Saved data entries
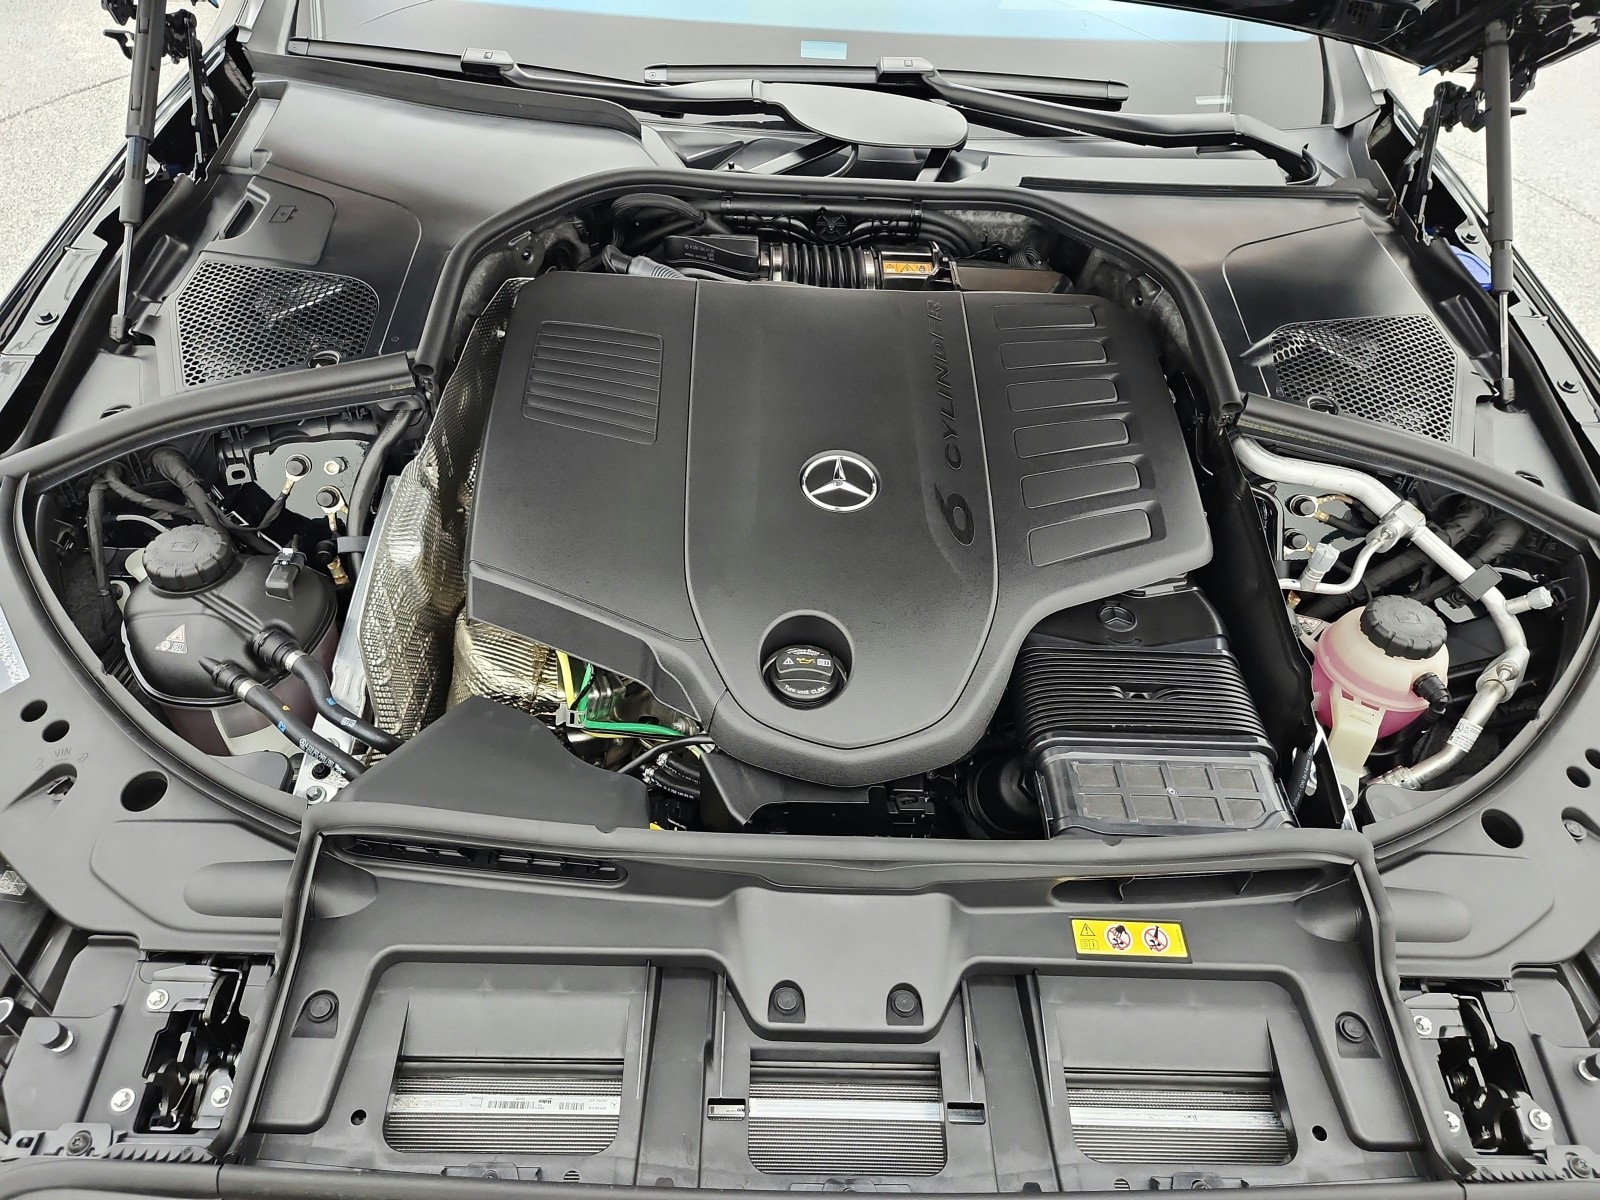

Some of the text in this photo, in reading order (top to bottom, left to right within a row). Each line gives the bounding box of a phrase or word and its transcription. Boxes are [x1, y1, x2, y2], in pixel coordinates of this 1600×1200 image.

[927, 299, 975, 546] 6 CYLINDER
[784, 684, 796, 693] Turn
[811, 686, 827, 695] CLICK
[54, 748, 72, 757] VIN

### Exercise
Although the records hold pictures, return only what remains, word for word.

### Solved exercise
Some of the text in this photo, in reading order (top to bottom, left to right within a row). Each line gives the bounding box of a phrase or word and its transcription. Boxes are [x1, y1, x2, y2], in pixel coordinates of this 1600×1200 image.

[927, 299, 975, 546] 6 CYLINDER
[784, 684, 796, 693] Turn
[811, 686, 827, 695] CLICK
[54, 748, 72, 757] VIN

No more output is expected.